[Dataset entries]
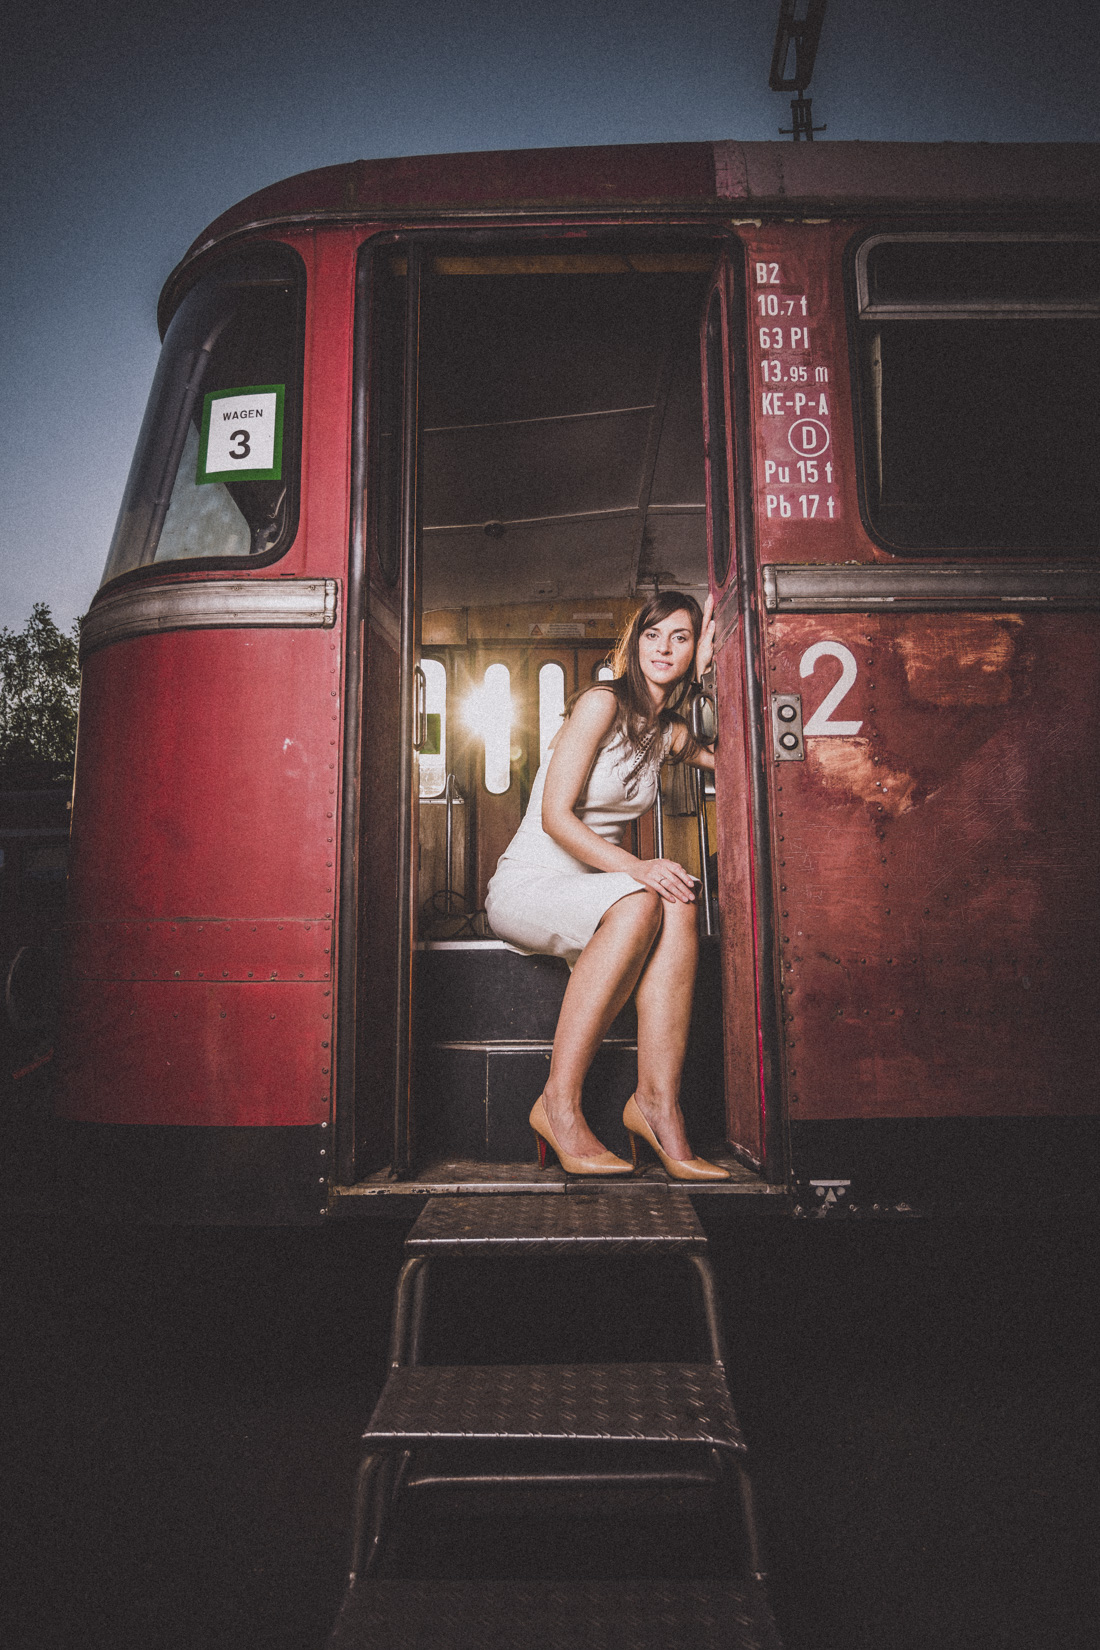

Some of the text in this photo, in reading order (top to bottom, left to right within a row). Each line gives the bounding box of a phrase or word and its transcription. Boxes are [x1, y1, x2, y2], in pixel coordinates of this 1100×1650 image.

[756, 262, 780, 284] B2
[800, 295, 808, 316] t
[759, 327, 783, 349] 63
[814, 366, 829, 382] m
[222, 408, 263, 421] WAGEN
[762, 392, 829, 415] KE-P-A
[228, 429, 251, 460] 3
[802, 426, 817, 449] D
[764, 460, 833, 483] Pu 15 t
[766, 494, 835, 518] Pb 17 t
[799, 640, 863, 736] 2
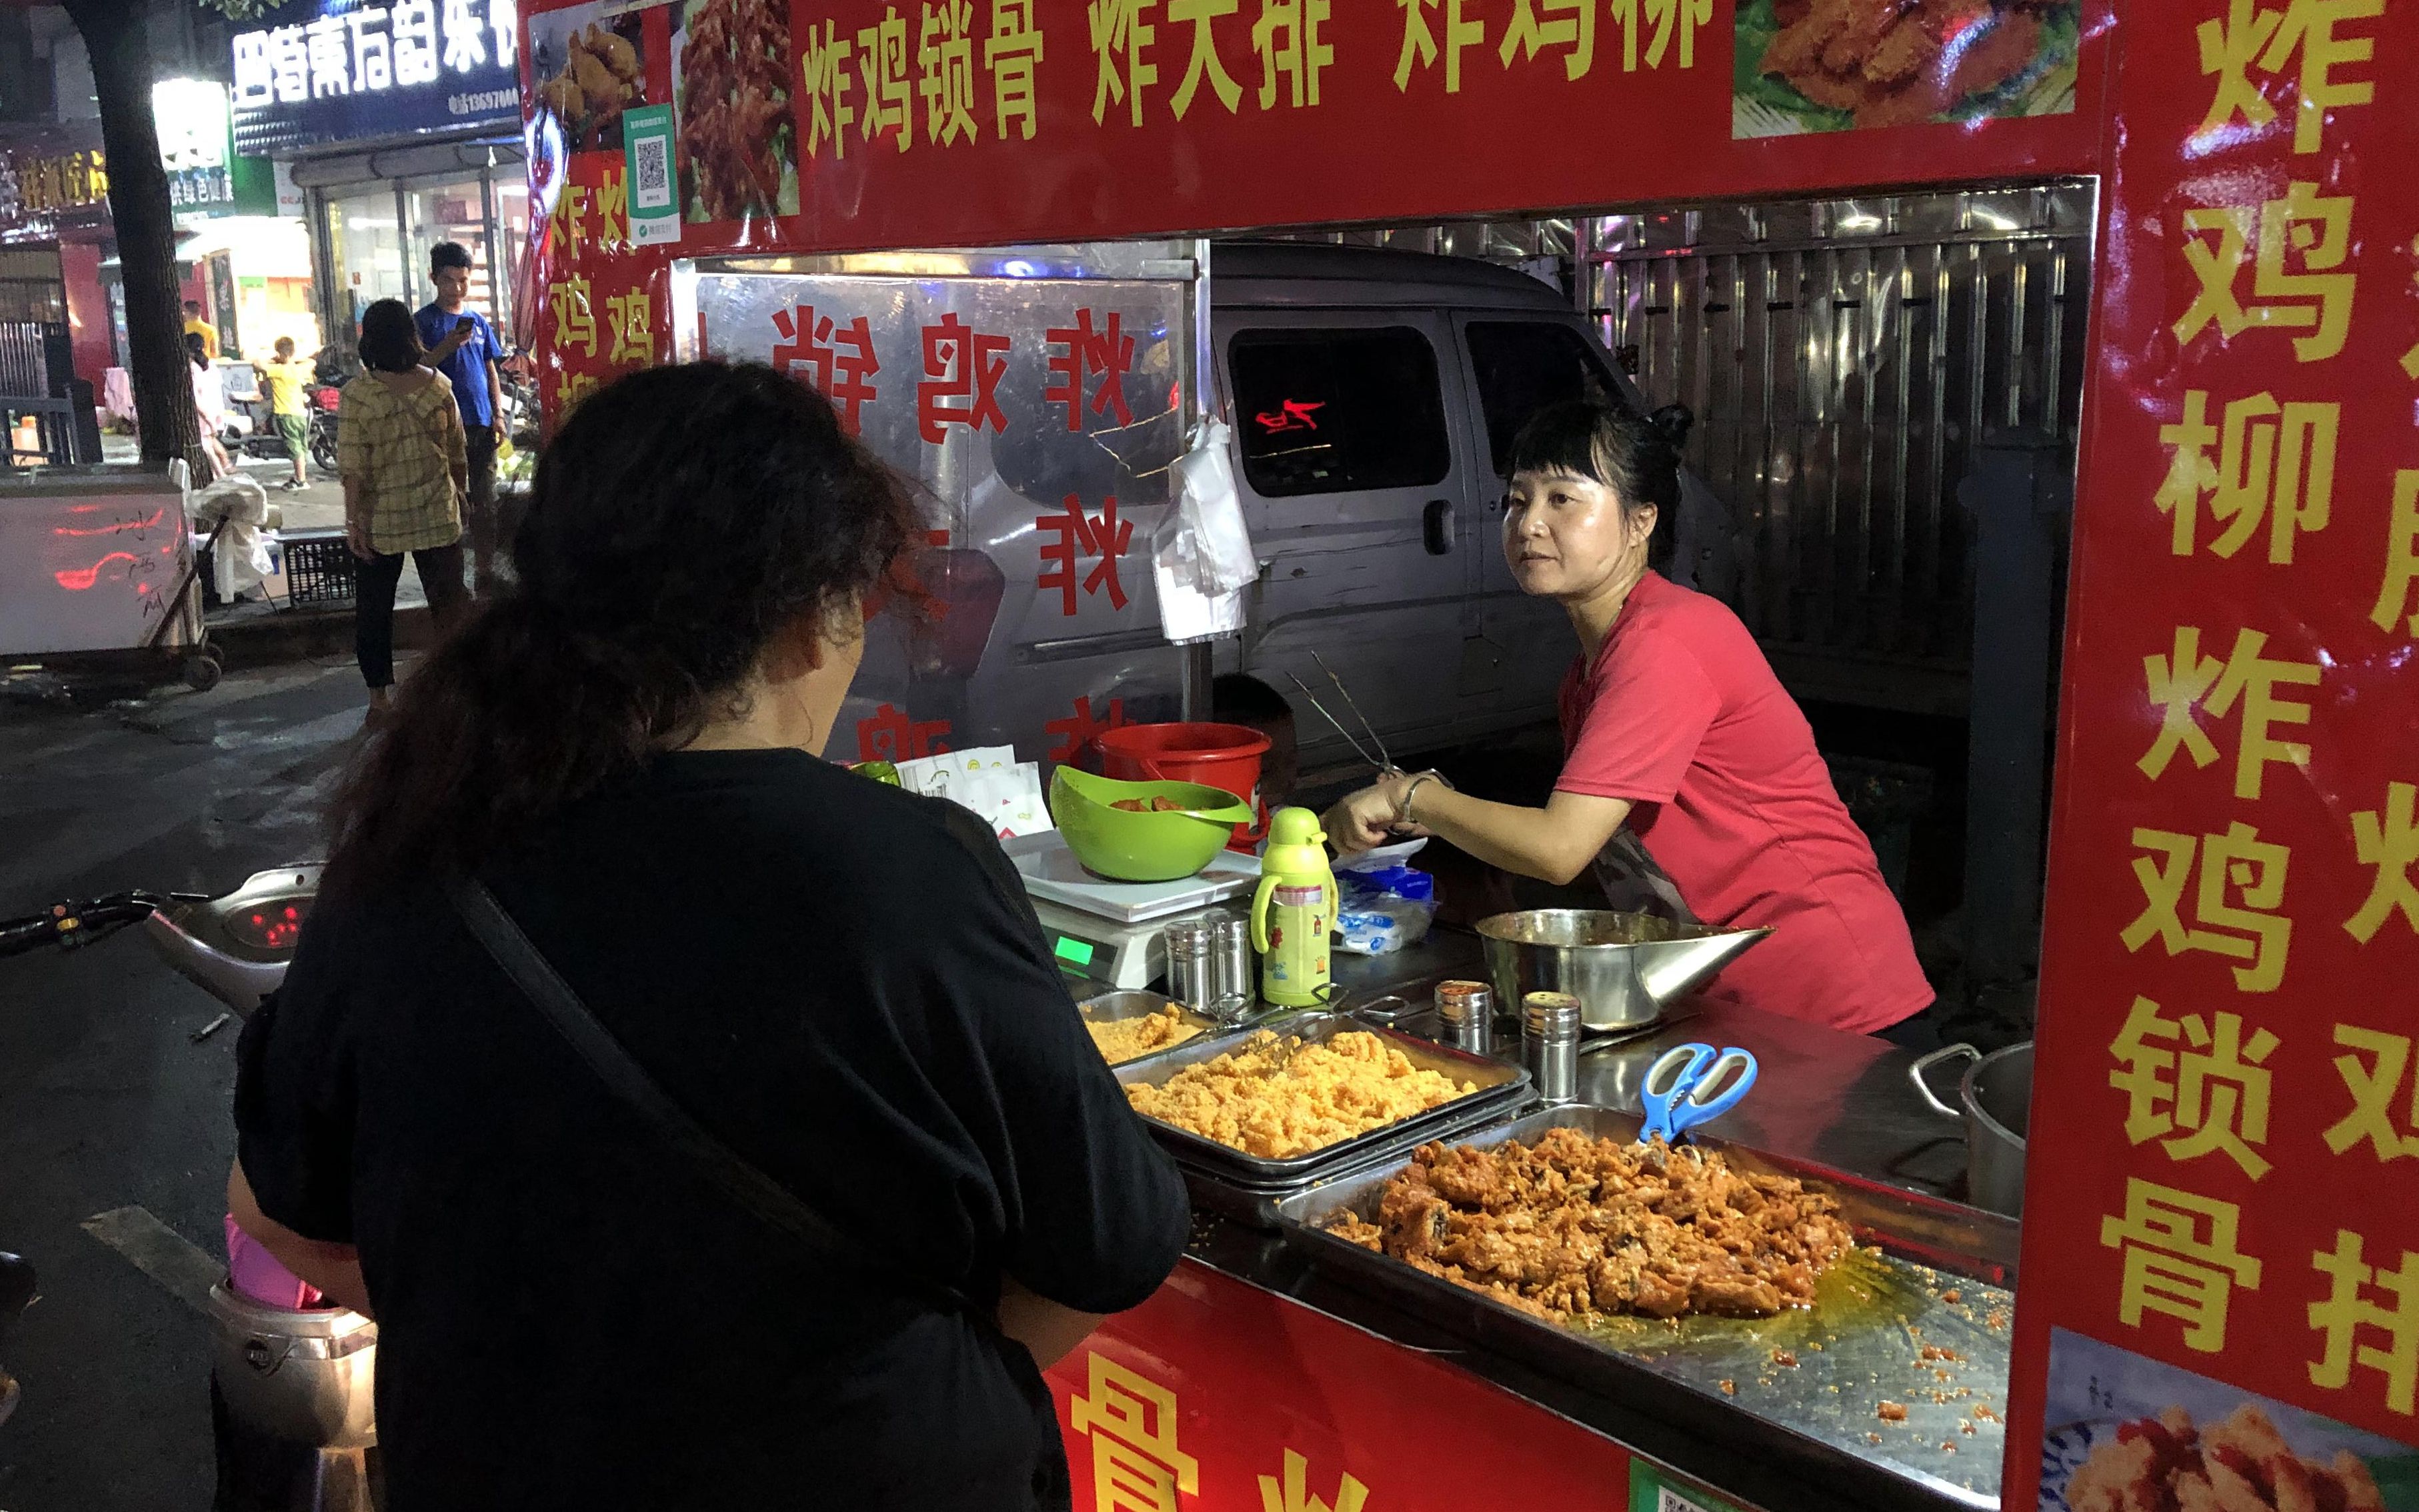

- **TASK BRIEF**: Your reply should be the entries above, repeated exactly and free of pictures.

- **RESULT OF THE TASK**:
Some of the text in this photo, in reading order (top to bottom, left to right within a row). Each line gives the bounding box of a phrase or word and its transcription. Boxes are [x1, y1, x2, y2], in pixel coordinates of this 1100×1650 image.

[756, 262, 780, 284] B2
[800, 295, 808, 316] t
[759, 327, 783, 349] 63
[814, 366, 829, 382] m
[222, 408, 263, 421] WAGEN
[762, 392, 829, 415] KE-P-A
[228, 429, 251, 460] 3
[802, 426, 817, 449] D
[764, 460, 833, 483] Pu 15 t
[766, 494, 835, 518] Pb 17 t
[799, 640, 863, 736] 2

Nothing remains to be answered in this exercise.